> [EXERCISE REQUIREMENTS]: Give back every record that follows, exactly as written.

> [EXERCISE MATERIALS]:

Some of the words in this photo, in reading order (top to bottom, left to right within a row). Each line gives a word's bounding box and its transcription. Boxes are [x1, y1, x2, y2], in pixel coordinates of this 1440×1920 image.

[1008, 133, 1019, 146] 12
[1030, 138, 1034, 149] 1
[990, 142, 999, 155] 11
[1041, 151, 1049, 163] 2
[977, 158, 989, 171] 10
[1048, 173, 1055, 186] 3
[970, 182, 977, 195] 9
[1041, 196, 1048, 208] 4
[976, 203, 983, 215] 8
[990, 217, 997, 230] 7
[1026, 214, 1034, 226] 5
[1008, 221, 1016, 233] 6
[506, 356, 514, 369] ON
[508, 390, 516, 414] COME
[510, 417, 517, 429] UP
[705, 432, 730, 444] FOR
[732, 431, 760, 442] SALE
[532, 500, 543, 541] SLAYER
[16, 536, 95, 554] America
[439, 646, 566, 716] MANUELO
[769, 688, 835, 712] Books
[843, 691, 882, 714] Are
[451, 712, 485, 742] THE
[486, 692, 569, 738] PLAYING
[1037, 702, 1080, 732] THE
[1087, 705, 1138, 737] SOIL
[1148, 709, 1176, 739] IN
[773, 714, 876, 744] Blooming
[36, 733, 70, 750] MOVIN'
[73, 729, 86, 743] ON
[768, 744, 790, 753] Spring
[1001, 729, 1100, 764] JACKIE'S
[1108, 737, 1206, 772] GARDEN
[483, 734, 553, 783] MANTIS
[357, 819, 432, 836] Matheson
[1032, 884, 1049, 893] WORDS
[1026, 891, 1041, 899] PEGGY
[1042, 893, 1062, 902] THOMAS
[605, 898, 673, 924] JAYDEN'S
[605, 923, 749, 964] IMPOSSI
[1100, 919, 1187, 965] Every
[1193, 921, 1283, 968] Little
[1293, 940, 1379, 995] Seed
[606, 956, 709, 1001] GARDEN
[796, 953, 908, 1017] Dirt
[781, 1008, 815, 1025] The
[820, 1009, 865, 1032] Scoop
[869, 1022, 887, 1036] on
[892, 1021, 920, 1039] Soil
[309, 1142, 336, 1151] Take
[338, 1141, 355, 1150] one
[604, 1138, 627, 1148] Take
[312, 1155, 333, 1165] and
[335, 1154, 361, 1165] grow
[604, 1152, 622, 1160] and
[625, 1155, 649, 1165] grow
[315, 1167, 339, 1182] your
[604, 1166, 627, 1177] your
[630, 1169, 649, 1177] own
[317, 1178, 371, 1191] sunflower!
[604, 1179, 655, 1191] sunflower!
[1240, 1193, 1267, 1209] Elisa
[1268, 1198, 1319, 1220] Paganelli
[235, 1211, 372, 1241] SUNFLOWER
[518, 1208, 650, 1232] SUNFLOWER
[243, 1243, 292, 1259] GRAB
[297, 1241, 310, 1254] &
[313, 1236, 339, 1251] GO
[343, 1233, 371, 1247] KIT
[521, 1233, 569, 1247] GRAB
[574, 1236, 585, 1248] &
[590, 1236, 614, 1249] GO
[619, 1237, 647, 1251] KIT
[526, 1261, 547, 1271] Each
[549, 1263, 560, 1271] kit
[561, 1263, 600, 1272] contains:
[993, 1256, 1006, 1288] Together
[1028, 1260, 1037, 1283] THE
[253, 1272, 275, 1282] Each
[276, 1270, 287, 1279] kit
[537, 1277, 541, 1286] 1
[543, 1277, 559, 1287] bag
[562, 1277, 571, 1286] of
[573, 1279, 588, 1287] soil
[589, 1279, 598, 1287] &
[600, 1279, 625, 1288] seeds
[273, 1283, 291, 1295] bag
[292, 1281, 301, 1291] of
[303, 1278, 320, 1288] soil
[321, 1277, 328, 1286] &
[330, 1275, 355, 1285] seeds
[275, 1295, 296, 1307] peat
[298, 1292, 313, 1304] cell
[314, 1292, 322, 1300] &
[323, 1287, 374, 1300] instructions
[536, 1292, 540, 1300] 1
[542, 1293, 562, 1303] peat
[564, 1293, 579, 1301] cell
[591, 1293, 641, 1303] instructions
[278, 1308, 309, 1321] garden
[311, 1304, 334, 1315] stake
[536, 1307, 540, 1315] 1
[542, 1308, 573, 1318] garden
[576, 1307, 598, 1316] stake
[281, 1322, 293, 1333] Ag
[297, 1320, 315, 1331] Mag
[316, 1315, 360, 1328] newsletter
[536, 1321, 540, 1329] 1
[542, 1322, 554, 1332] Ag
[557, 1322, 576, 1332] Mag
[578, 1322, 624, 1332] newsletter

> [EXPECTED ANSWER]:
Some of the words in this photo, in reading order (top to bottom, left to right within a row). Each line gives a word's bounding box and its transcription. Boxes are [x1, y1, x2, y2], in pixel coordinates of this 1440×1920 image.

[1008, 133, 1019, 146] 12
[1030, 138, 1034, 149] 1
[990, 142, 999, 155] 11
[1041, 151, 1049, 163] 2
[977, 158, 989, 171] 10
[1048, 173, 1055, 186] 3
[970, 182, 977, 195] 9
[1041, 196, 1048, 208] 4
[976, 203, 983, 215] 8
[990, 217, 997, 230] 7
[1026, 214, 1034, 226] 5
[1008, 221, 1016, 233] 6
[506, 356, 514, 369] ON
[508, 390, 516, 414] COME
[510, 417, 517, 429] UP
[705, 432, 730, 444] FOR
[732, 431, 760, 442] SALE
[532, 500, 543, 541] SLAYER
[16, 536, 95, 554] America
[439, 646, 566, 716] MANUELO
[769, 688, 835, 712] Books
[843, 691, 882, 714] Are
[451, 712, 485, 742] THE
[486, 692, 569, 738] PLAYING
[1037, 702, 1080, 732] THE
[1087, 705, 1138, 737] SOIL
[1148, 709, 1176, 739] IN
[773, 714, 876, 744] Blooming
[36, 733, 70, 750] MOVIN'
[73, 729, 86, 743] ON
[768, 744, 790, 753] Spring
[1001, 729, 1100, 764] JACKIE'S
[1108, 737, 1206, 772] GARDEN
[483, 734, 553, 783] MANTIS
[357, 819, 432, 836] Matheson
[1032, 884, 1049, 893] WORDS
[1026, 891, 1041, 899] PEGGY
[1042, 893, 1062, 902] THOMAS
[605, 898, 673, 924] JAYDEN'S
[605, 923, 749, 964] IMPOSSI
[1100, 919, 1187, 965] Every
[1193, 921, 1283, 968] Little
[1293, 940, 1379, 995] Seed
[606, 956, 709, 1001] GARDEN
[796, 953, 908, 1017] Dirt
[781, 1008, 815, 1025] The
[820, 1009, 865, 1032] Scoop
[869, 1022, 887, 1036] on
[892, 1021, 920, 1039] Soil
[309, 1142, 336, 1151] Take
[338, 1141, 355, 1150] one
[604, 1138, 627, 1148] Take
[312, 1155, 333, 1165] and
[335, 1154, 361, 1165] grow
[604, 1152, 622, 1160] and
[625, 1155, 649, 1165] grow
[315, 1167, 339, 1182] your
[604, 1166, 627, 1177] your
[630, 1169, 649, 1177] own
[317, 1178, 371, 1191] sunflower!
[604, 1179, 655, 1191] sunflower!
[1240, 1193, 1267, 1209] Elisa
[1268, 1198, 1319, 1220] Paganelli
[235, 1211, 372, 1241] SUNFLOWER
[518, 1208, 650, 1232] SUNFLOWER
[243, 1243, 292, 1259] GRAB
[297, 1241, 310, 1254] &
[313, 1236, 339, 1251] GO
[343, 1233, 371, 1247] KIT
[521, 1233, 569, 1247] GRAB
[574, 1236, 585, 1248] &
[590, 1236, 614, 1249] GO
[619, 1237, 647, 1251] KIT
[526, 1261, 547, 1271] Each
[549, 1263, 560, 1271] kit
[561, 1263, 600, 1272] contains:
[993, 1256, 1006, 1288] Together
[1028, 1260, 1037, 1283] THE
[253, 1272, 275, 1282] Each
[276, 1270, 287, 1279] kit
[537, 1277, 541, 1286] 1
[543, 1277, 559, 1287] bag
[562, 1277, 571, 1286] of
[573, 1279, 588, 1287] soil
[589, 1279, 598, 1287] &
[600, 1279, 625, 1288] seeds
[273, 1283, 291, 1295] bag
[292, 1281, 301, 1291] of
[303, 1278, 320, 1288] soil
[321, 1277, 328, 1286] &
[330, 1275, 355, 1285] seeds
[275, 1295, 296, 1307] peat
[298, 1292, 313, 1304] cell
[314, 1292, 322, 1300] &
[323, 1287, 374, 1300] instructions
[536, 1292, 540, 1300] 1
[542, 1293, 562, 1303] peat
[564, 1293, 579, 1301] cell
[591, 1293, 641, 1303] instructions
[278, 1308, 309, 1321] garden
[311, 1304, 334, 1315] stake
[536, 1307, 540, 1315] 1
[542, 1308, 573, 1318] garden
[576, 1307, 598, 1316] stake
[281, 1322, 293, 1333] Ag
[297, 1320, 315, 1331] Mag
[316, 1315, 360, 1328] newsletter
[536, 1321, 540, 1329] 1
[542, 1322, 554, 1332] Ag
[557, 1322, 576, 1332] Mag
[578, 1322, 624, 1332] newsletter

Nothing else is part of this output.